» **EXERCISE**
Your answer must repeat all of the entries word for word, without any images.

» **TASK INPUTS**
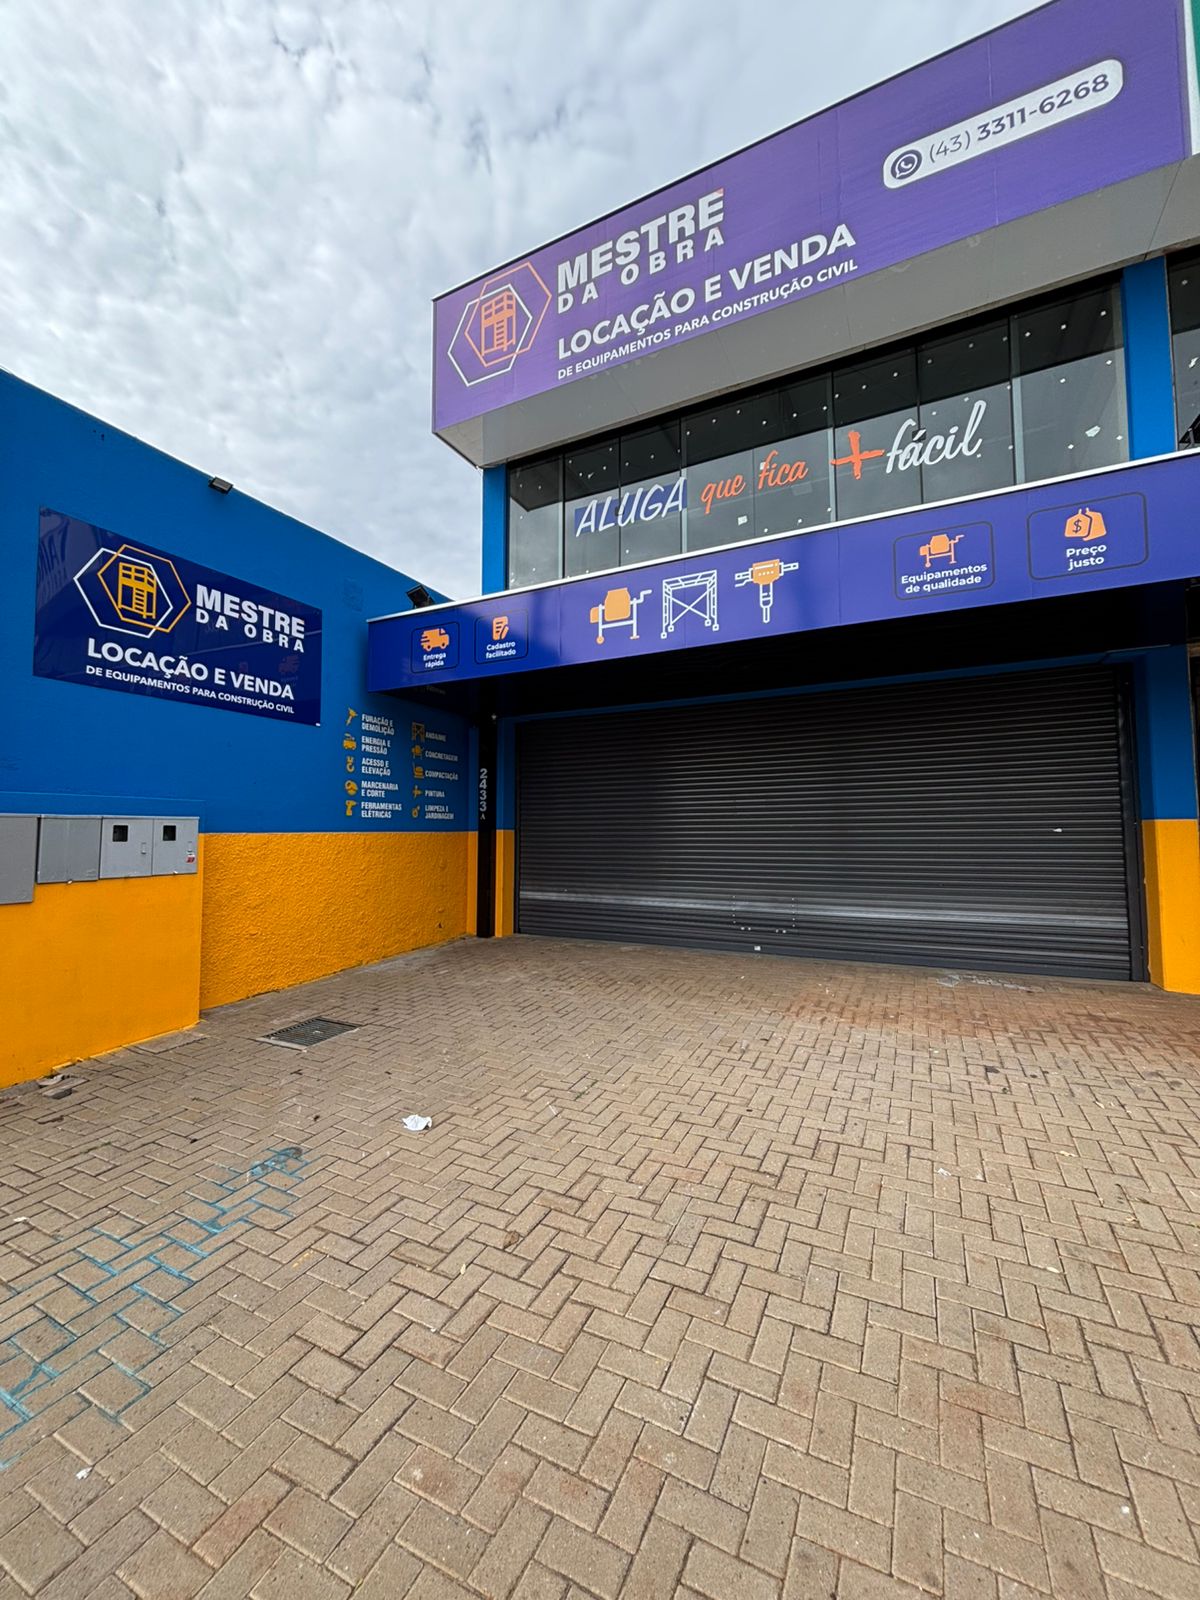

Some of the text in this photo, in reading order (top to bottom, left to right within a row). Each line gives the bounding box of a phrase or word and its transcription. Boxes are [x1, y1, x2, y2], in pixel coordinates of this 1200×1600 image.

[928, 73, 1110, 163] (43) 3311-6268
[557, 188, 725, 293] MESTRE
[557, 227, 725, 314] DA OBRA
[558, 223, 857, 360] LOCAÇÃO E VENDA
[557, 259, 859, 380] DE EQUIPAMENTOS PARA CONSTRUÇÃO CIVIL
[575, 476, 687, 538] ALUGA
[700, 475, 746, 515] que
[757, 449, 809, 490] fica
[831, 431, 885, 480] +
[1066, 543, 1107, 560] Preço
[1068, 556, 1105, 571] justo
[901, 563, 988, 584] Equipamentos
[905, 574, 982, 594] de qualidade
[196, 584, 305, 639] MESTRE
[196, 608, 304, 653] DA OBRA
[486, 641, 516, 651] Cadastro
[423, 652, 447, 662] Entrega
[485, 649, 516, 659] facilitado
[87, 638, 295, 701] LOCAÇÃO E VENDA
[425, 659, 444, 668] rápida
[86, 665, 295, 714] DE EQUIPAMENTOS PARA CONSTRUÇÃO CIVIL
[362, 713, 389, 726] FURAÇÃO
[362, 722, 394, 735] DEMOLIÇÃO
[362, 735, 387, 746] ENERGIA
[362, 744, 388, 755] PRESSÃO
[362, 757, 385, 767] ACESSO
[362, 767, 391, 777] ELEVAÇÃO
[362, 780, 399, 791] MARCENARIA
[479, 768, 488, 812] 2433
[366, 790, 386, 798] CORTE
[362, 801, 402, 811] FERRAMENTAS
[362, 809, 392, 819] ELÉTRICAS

» **RESPONSE TO THE TASK**
Some of the text in this photo, in reading order (top to bottom, left to right within a row). Each line gives the bounding box of a phrase or word and its transcription. Boxes are [x1, y1, x2, y2], in pixel coordinates of this 1200×1600 image.

[928, 73, 1110, 163] (43) 3311-6268
[557, 188, 725, 293] MESTRE
[557, 227, 725, 314] DA OBRA
[558, 223, 857, 360] LOCAÇÃO E VENDA
[557, 259, 859, 380] DE EQUIPAMENTOS PARA CONSTRUÇÃO CIVIL
[575, 476, 687, 538] ALUGA
[700, 475, 746, 515] que
[757, 449, 809, 490] fica
[831, 431, 885, 480] +
[1066, 543, 1107, 560] Preço
[1068, 556, 1105, 571] justo
[901, 563, 988, 584] Equipamentos
[905, 574, 982, 594] de qualidade
[196, 584, 305, 639] MESTRE
[196, 608, 304, 653] DA OBRA
[486, 641, 516, 651] Cadastro
[423, 652, 447, 662] Entrega
[485, 649, 516, 659] facilitado
[87, 638, 295, 701] LOCAÇÃO E VENDA
[425, 659, 444, 668] rápida
[86, 665, 295, 714] DE EQUIPAMENTOS PARA CONSTRUÇÃO CIVIL
[362, 713, 389, 726] FURAÇÃO
[362, 722, 394, 735] DEMOLIÇÃO
[362, 735, 387, 746] ENERGIA
[362, 744, 388, 755] PRESSÃO
[362, 757, 385, 767] ACESSO
[362, 767, 391, 777] ELEVAÇÃO
[362, 780, 399, 791] MARCENARIA
[479, 768, 488, 812] 2433
[366, 790, 386, 798] CORTE
[362, 801, 402, 811] FERRAMENTAS
[362, 809, 392, 819] ELÉTRICAS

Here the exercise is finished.